-- WORK ITEM --
Write out all the entries word for word, but skip any images.

-- DATA EXCERPTS --
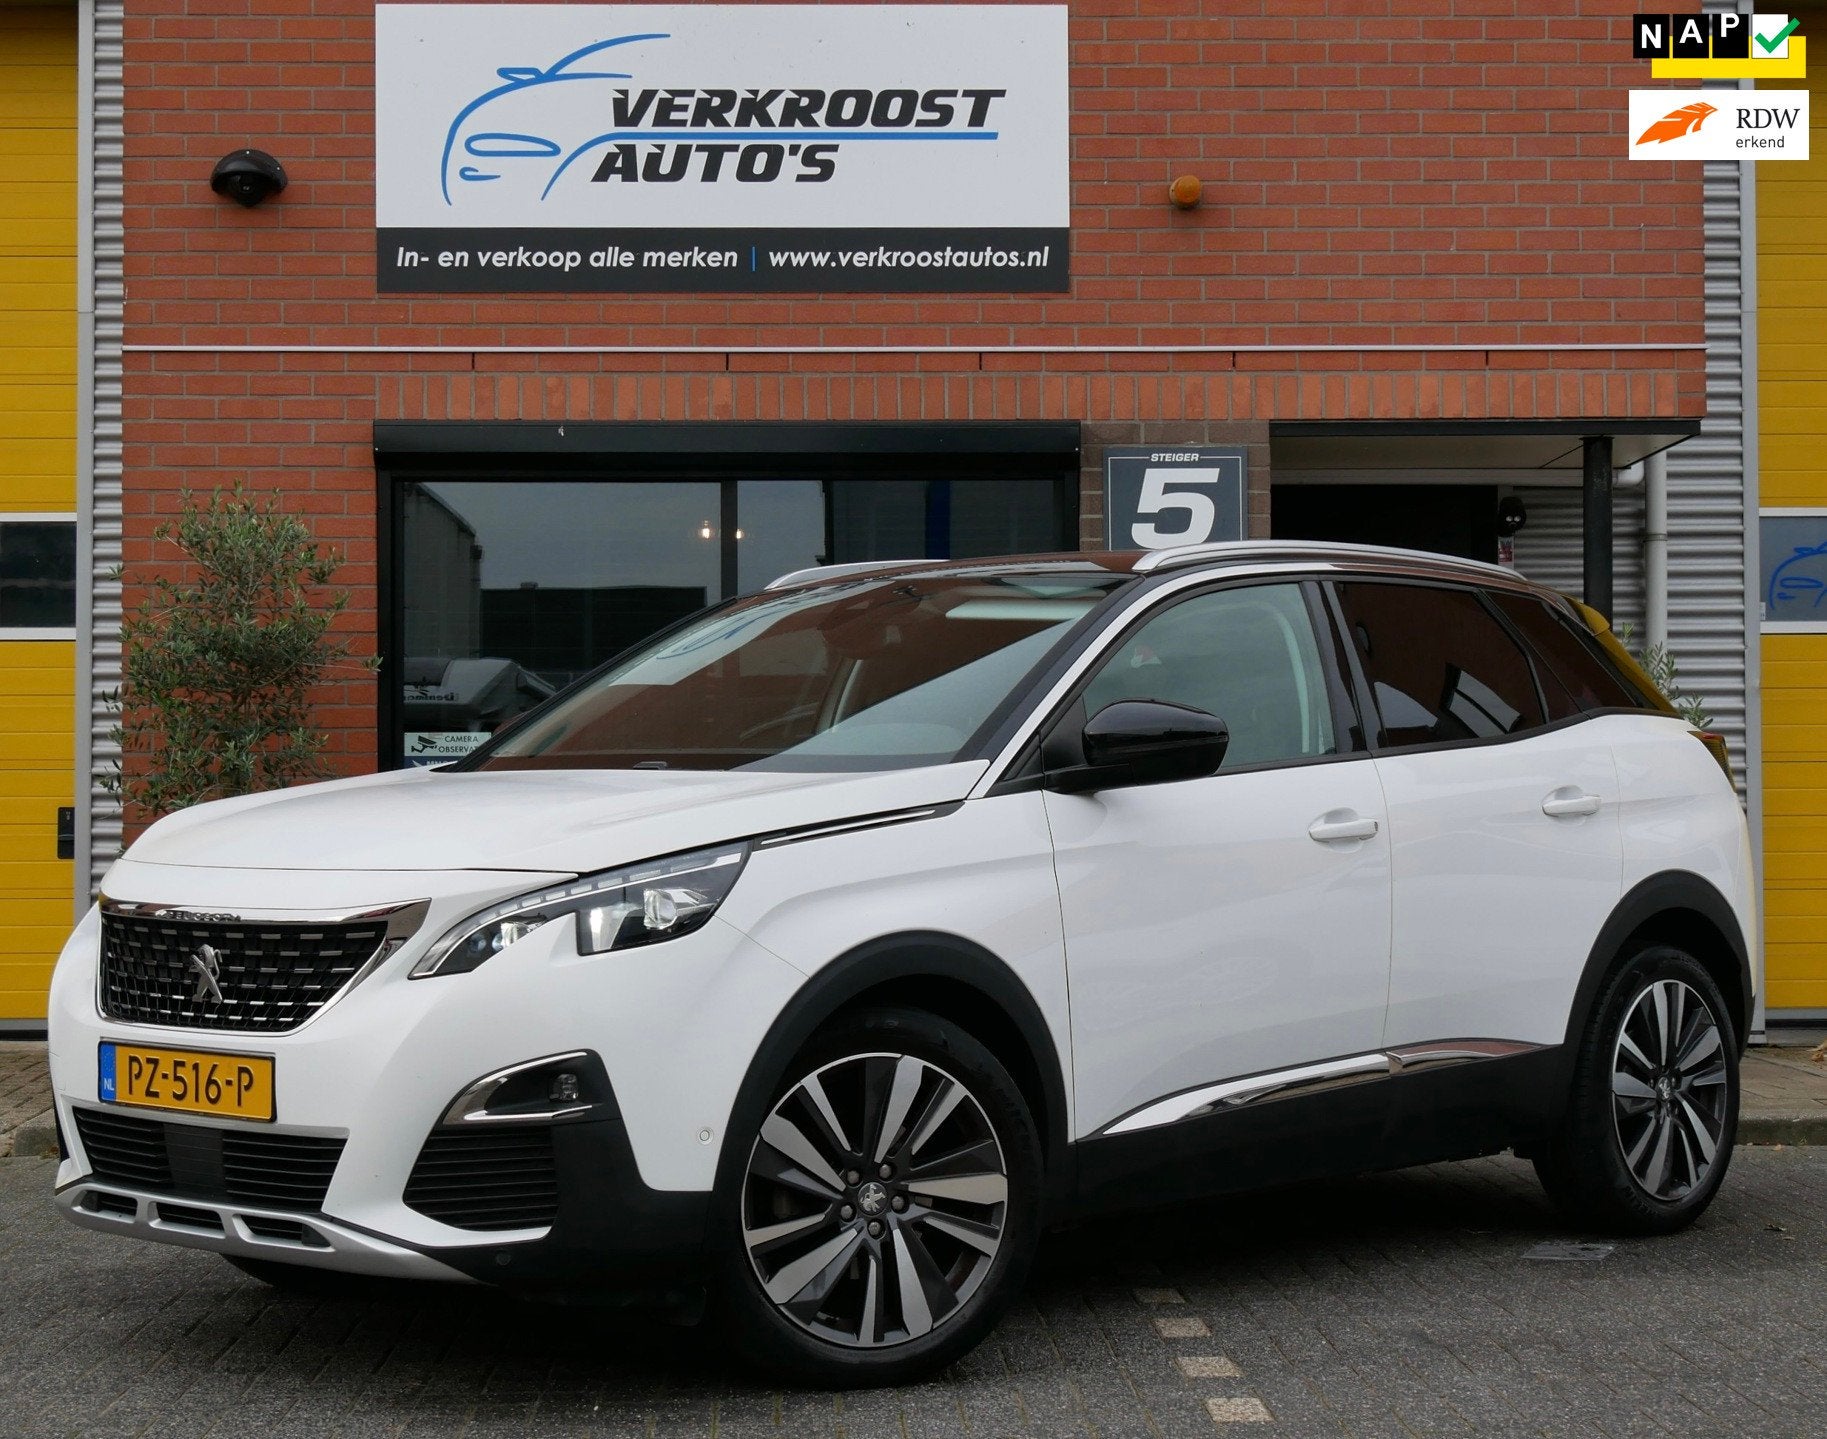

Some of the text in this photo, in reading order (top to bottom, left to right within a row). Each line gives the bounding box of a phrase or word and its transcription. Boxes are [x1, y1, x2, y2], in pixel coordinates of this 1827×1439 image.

[611, 88, 1007, 129] VERKROOST
[591, 143, 840, 183] AUTO'S
[397, 246, 739, 272] In- en verkoop alle merken
[768, 246, 1050, 268] www.verkroostautos.nl
[1150, 453, 1200, 462] STEIGER
[1131, 467, 1220, 550] 5
[444, 735, 479, 743] CAMERA
[103, 1078, 114, 1091] NL
[127, 1054, 254, 1107] PZ-516-P

-- ANSWER BOX --
Some of the text in this photo, in reading order (top to bottom, left to right within a row). Each line gives the bounding box of a phrase or word and its transcription. Boxes are [x1, y1, x2, y2], in pixel coordinates of this 1827×1439 image.

[611, 88, 1007, 129] VERKROOST
[591, 143, 840, 183] AUTO'S
[397, 246, 739, 272] In- en verkoop alle merken
[768, 246, 1050, 268] www.verkroostautos.nl
[1150, 453, 1200, 462] STEIGER
[1131, 467, 1220, 550] 5
[444, 735, 479, 743] CAMERA
[103, 1078, 114, 1091] NL
[127, 1054, 254, 1107] PZ-516-P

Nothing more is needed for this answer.